Einde inhoudsopgave
Landelijk procesreglement civiele zaken rechtbanken en gerechtshoven KEI
1.24 Wijze van vragen van uitstel voor het verrichten van proceshandelingen
Geldend
Geldend vanaf 01-03-2019
- Redactionele toelichting
De dag van de datum van afkondiging is gezet op 01.
- Bronpublicatie:
01-10-2018, Stcrt. 2019, 10137 (uitgifte: 25-02-2019, kamerstukken/regelingnummer: -)
- Inwerkingtreding
01-03-2019
- Bronpublicatie inwerkingtreding:
01-10-2018, Stcrt. 2019, 10137 (uitgifte: 25-02-2019, kamerstukken/regelingnummer: -)
- Vakgebied(en)
Burgerlijk procesrecht / Algemeen
Burgerlijk procesrecht / Bijzondere onderwerpen
Burgerlijk procesrecht / Eerste aanleg
Burgerlijk procesrecht / Hoger beroep
Een gemotiveerd verzoek van een partij om uitstel wordt zo spoedig mogelijk, maar uiterlijk vier werkdagen voor de afloop van de voor de proceshandeling geldende termijn of voor de zitting bij bericht ingediend. De wederpartij reageert bij bericht binnen twee werkdagen na indiening van het verzoek. Een eenstemmig verzoek wordt uiterlijk twee werkdagen voor de afloop van de voor de proceshandeling geldende termijn gemotiveerd gedaan.
De rechter beslist op het verzoek zo spoedig mogelijk na het verstrijken van een termijn van twee werkdagen na indiening van het verzoek of, indien voor die tijd een reactie van de wederpartij is ontvangen, zo spoedig mogelijk na ontvangst van deze reactie.

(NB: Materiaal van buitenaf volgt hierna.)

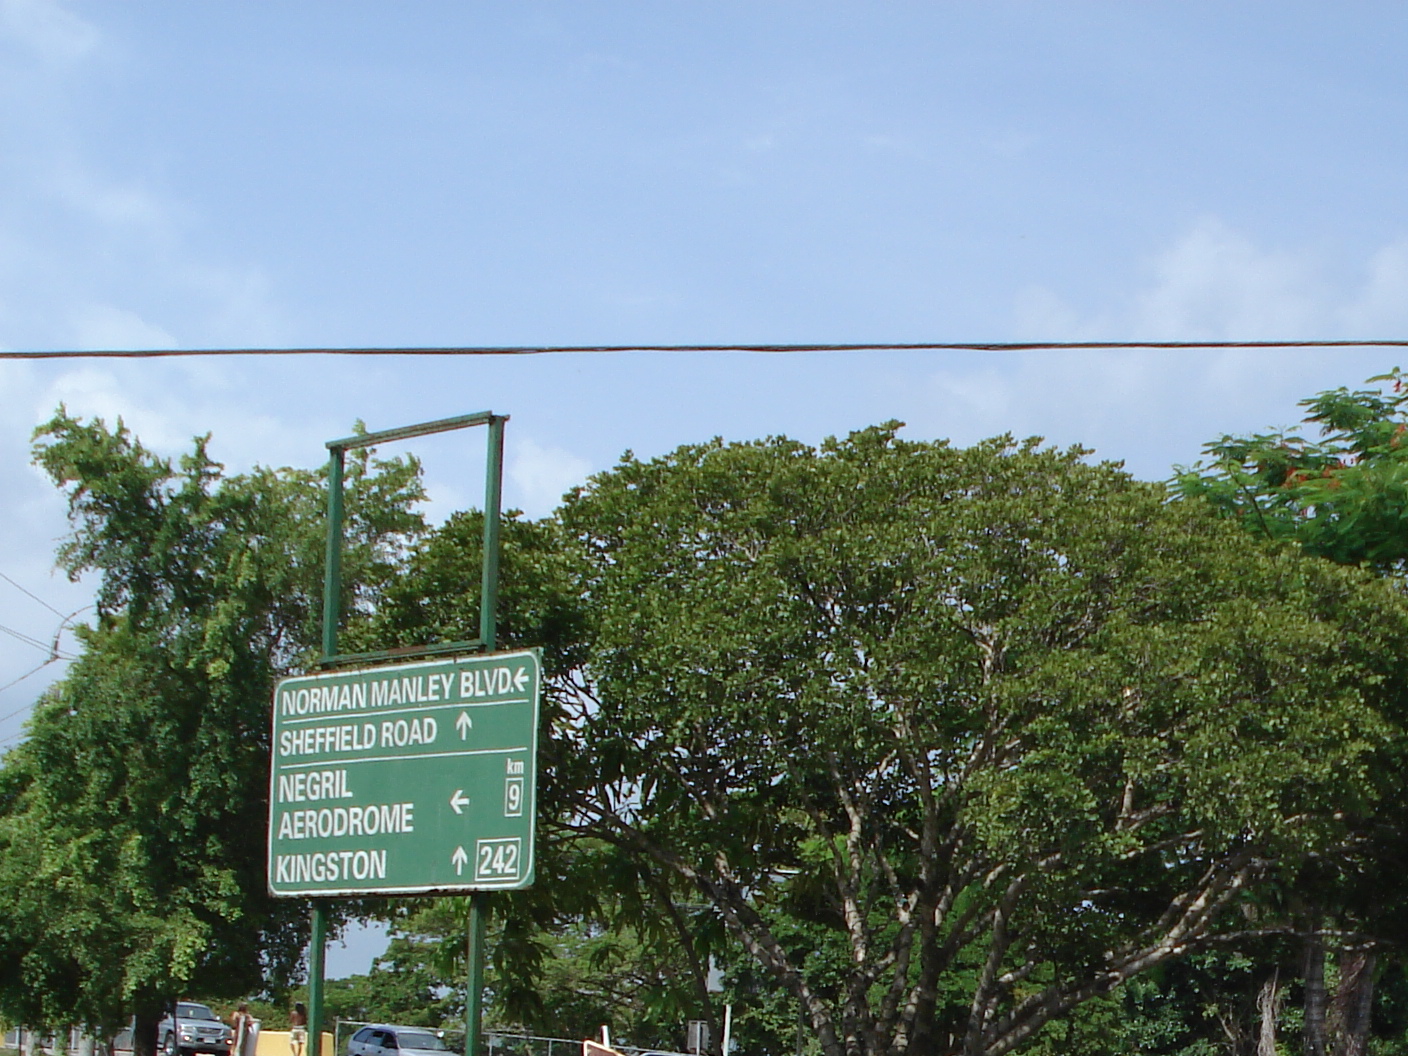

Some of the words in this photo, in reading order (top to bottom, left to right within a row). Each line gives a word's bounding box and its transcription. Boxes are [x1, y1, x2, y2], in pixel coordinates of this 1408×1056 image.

[281, 683, 366, 716] NORMAN
[371, 673, 455, 707] MANLEY
[280, 725, 376, 756] SHEFFIELD
[381, 717, 437, 748] ROAD
[506, 758, 524, 775] km
[279, 770, 353, 803] NEGRIL
[508, 784, 520, 810] 9
[278, 803, 414, 840] AERODROME
[276, 850, 386, 883] KINGSTON
[478, 845, 518, 875] 242

Indien een partij door overmacht niet in staat is een verzoek om uitstel op grond van klemmende redenen in te dienen binnen de in de eerste zin van deze bepaling genoemde termijn van vier werkdagen, geeft deze partij het gerecht daarvan bij eerste gelegenheid bericht. De wederpartij kan onverwijld bij bericht reageren. De rechter beslist zo spoedig mogelijk.
Indien een wederpartij op papier procedeert, worden voormelde termijnen verlengd met drie werkdagen.